The co-operation is conditional on seven specific measures including the culling of diseased populations of badgers.

The NFU's TB spokesman, Cotswold dairy farmer Jan Rowe, said that the Government department responsible, Defra, had to "stop dithering," and Anthony Gibson, NFU director for Gloucestershire, warned that the region's livestock was facing irreparable damage because of a preventable disease which Defra was not allowing to be prevented.

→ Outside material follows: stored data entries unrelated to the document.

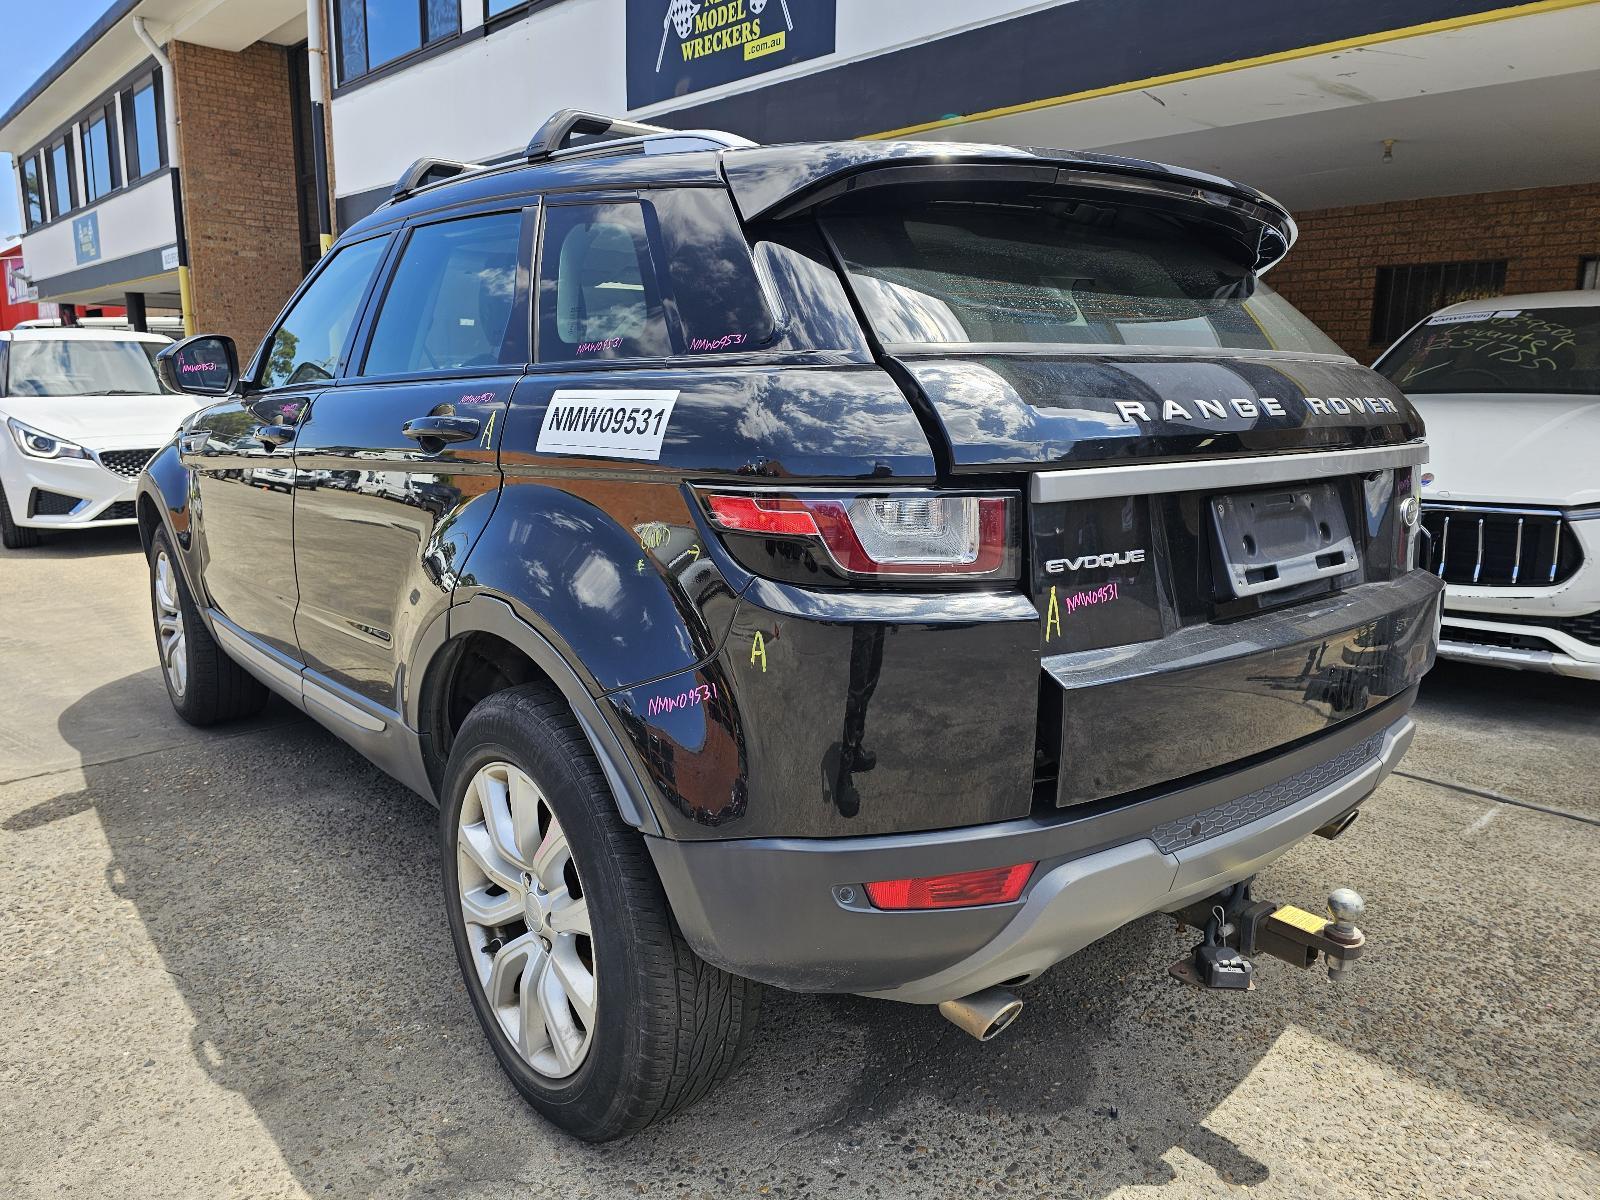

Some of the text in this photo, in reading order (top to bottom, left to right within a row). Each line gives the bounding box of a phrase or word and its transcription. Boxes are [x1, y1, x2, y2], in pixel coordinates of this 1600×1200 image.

[695, 0, 746, 35] MODEL
[681, 18, 761, 62] WRECKERS
[748, 38, 781, 54] .com.au
[690, 334, 747, 351] NMW09531
[548, 406, 667, 436] NMW09531
[1114, 397, 1398, 422] RANGE ROVER
[480, 409, 496, 450] A
[1045, 549, 1145, 574] EVOQUE
[1046, 585, 1061, 642] A
[1065, 582, 1119, 615] NMW09531
[751, 630, 767, 672] A
[648, 682, 718, 716] NMW09531

A statement will go to the Government's chief vet pledging co-operation based on:

l Using the best testing methods available, identifying and removing infected populations of badgers, using vaccines to protect non-infected badger populations;

l Government to work closely with Irish researchers in urgent field-scale trails of using BCG-based vaccines to reduce TB infection in badgers;

l Road traffic accident survey of TB incidence in badgers to be extended to the whole of England and Wales and the results published;

l Subject to the simultaneous implementation of the preceding conditions, pre-movement testing to be introduced for all breeding cattle aged over 20 months moving off farms in one and two year testing areas with the Government meeting the cost of the tests;

l Farmers to be encouraged to isolate and test all bought-in cattle before allowing them to join their herds;

l The feasibility to post-movement testing to be urgently evaluated;

l In parallel with the other conditions, an urgent inquiry to be set up into the wide issue of badger population management.